Glauber no transe da redemocratização

 

Em 1974, a revista Visão resolveu dedicar uma edição especial aos dez anos da “revolução” militar. Estampando na capa, em verde e amarelo, as datas 1964/1974, a revista esclarecia, em editorial de Said Farhat, que o número se dispunha refletir sobre o fato que mudara os rumos da história do Brasil. Mas, na verdade, era mesmo o tom comemorativo que dominava a edição, repleta de elogios aos artífices do novo governo.

Então editor cultural da Visão, o jornalista e escritor Zuenir Ventura foi encarregado de preparar a seção Da ilusão ao poder e a nova esperança, dedicada ao desenvolvimento da cultura brasileira no decênio. Ventura decidiu pedir uma entrevista ao cineasta Glauber Rocha, já um nome reconhecido internacionalmente, que figuraria ao lado do pensamento de artistas e intelectuais como o diretor de teatro José Celso Martinez Correia, o poeta Augusto de Campos e a antropóloga Ruth Cardoso.

Amigo de Glauber, Zuenir sabia qual era o pensamento do cineasta sobre o assunto. Mas Glauber não cumpriu o script, escrevendo uma carta ao invés de responder às perguntas do editor, e o resultado fugiu ao controle tanto do cineasta quanto de Ventura.

A carta de Glauber trazia a influência das idéias de Darcy Ribeiro, que havia vivido um período com os militares nacionalistas do Peru. Em sua estadia no Andes, o antropólogo se convenceu que o único caminho para a redemocratização do Brasil seria o apoio aos militares nacionalistas contra os representantes da “linha-dura”. Glauber também estava informado das referências elogiosas que Miguel Arraes havia feito, em 1971, ao general Ernesto Geisel, então cotado para suceder Médici na presidência. Arraes já sabia que, ao assumir o comando do país, Geisel pretendia dar início ao processo de abertura política.

Assim, em sua carta enviada à Visão, Glauber se desmanchou em adjetivos ao general: “Acho que Geisel tem tudo na mão para fazer do Brasil, um país forte, justo e livre. Estou certo inclusive que os militares são os legítimos representantes do povo. Chegou a hora de reconhecer sem mistificações, moralismos bobocas, a evidência: Costa era quente, frias eram as consciências em transe que não viram pintar as contradições no espelho da história”.

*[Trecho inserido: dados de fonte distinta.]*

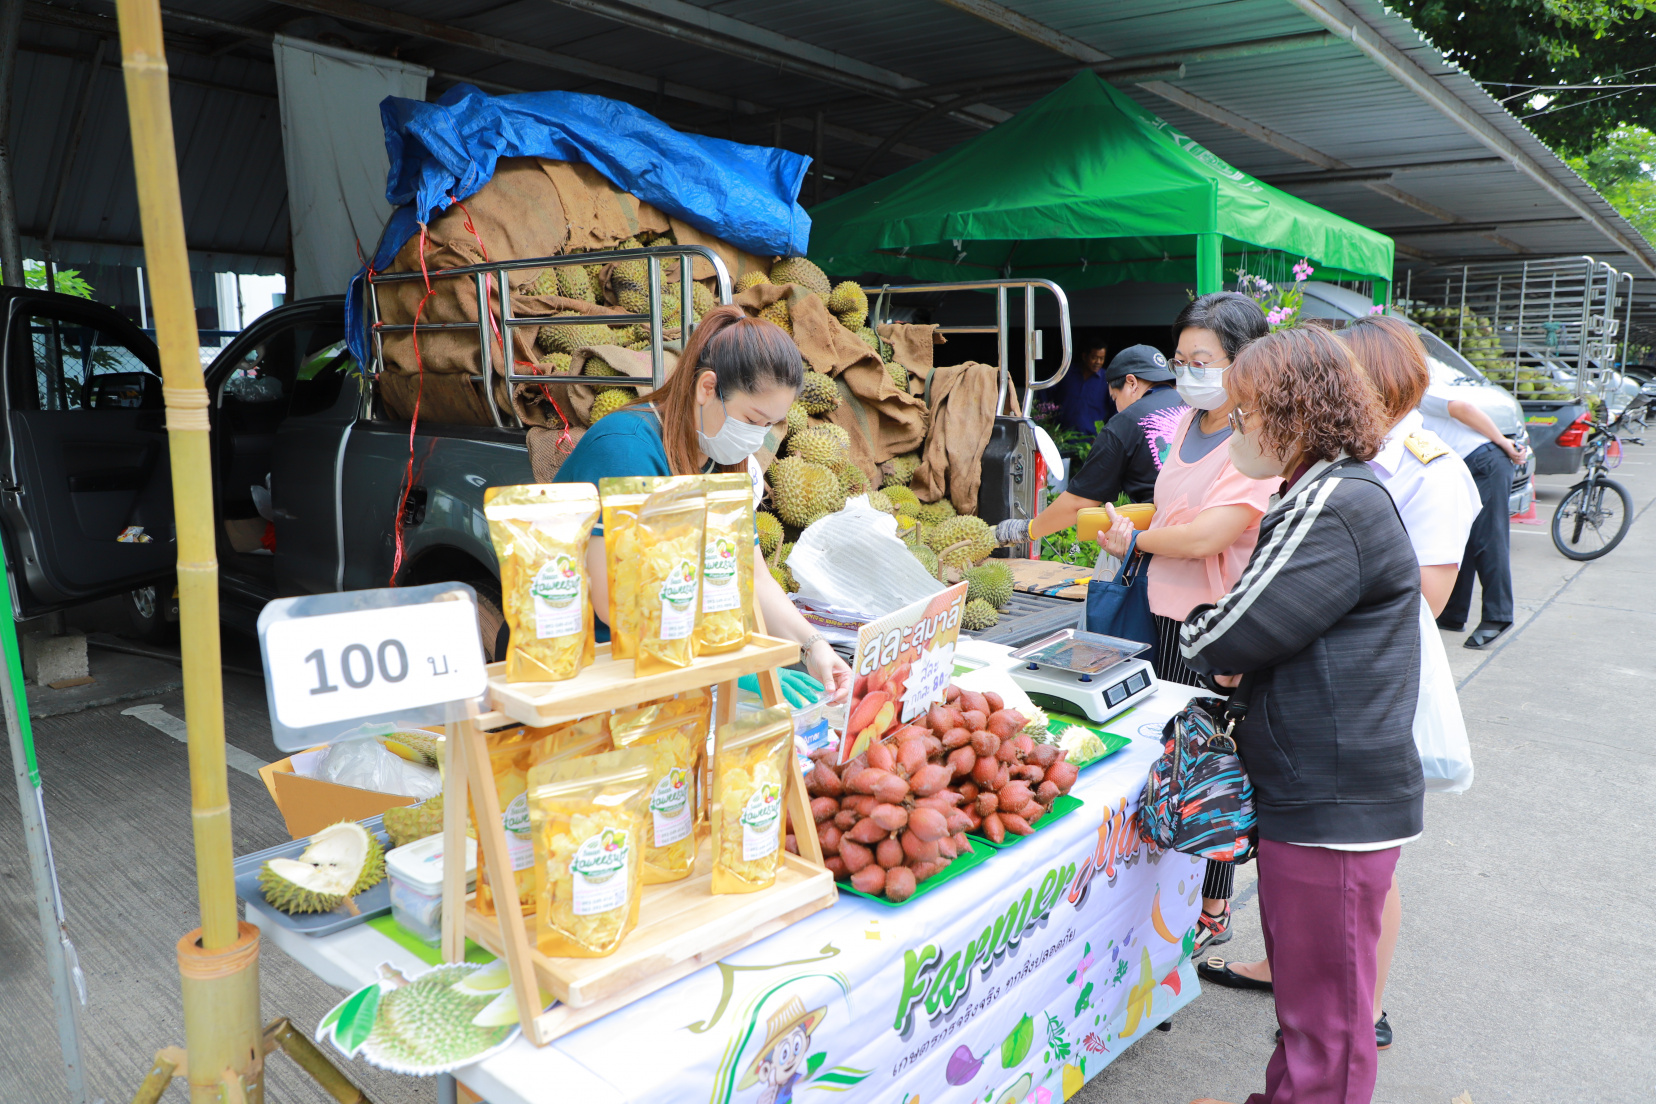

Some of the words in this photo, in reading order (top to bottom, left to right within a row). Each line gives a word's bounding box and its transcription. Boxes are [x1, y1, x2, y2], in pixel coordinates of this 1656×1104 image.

[304, 638, 409, 696] 100
[427, 655, 458, 676] บ.
[860, 594, 962, 677] สละสุมาลี
[893, 861, 1076, 1030] Farmer

É lógico que a carta de Glauber trazia muito da verve inflamada do cineasta, às vezes muito mais preocupada com a retórica do que com o conteúdo. Mas a esquerda brasileira, não perdoou seu pensamento e Glauber passou a ser o alvo preferencial das “patrulhas ideológicas”. Para João Carlos Teixeira Gomes, autor da biografia Glauber Rocha - esse vulcão, a maior parte da esquerda não entendeu o texto do cineasta, inclusive ironias destiladas contra o general Golbery e seu tratado Geopolítica do Brasil, pelo qual Glauber o chamou de “gênio da raça”.

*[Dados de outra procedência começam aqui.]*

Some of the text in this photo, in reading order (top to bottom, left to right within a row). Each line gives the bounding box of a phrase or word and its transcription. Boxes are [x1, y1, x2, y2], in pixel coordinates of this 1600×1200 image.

Os ataques públicos a Glauber se sucederam, partindo até daqueles que o cineasta considerava amigos como o cartunista Jaguar. Em reação, o cineasta radicalizava cada vez mais. No artigo Kultura e censura, publicado em 1978, afirmou: “Geisel não veio para punir mas para libertar o Payz de cinco século de subdesenvolvimento”.

A contenda iniciada pela carta à Visão durou até a sua morte, em 1981. Ao final, já abalado emocionalmente pelas brigas e pela morte trágica da irmã Anecyr Rocha, Glauber se converteu no pai da anistia: “Fui eu que agi fundamentalmente dentro deste país para que se processassem as aberturas políticas a partir de 1972. Não fosse a minha atividade ideológica e cultural não teria havido aberturas. Então eu sou o profeta da anistia”. (Joseana Paganini)

  

Matéria publica em “Anistia de 79, 20 anos”, caderno especial do Jornal de Brasília – Edição de 11/08/99.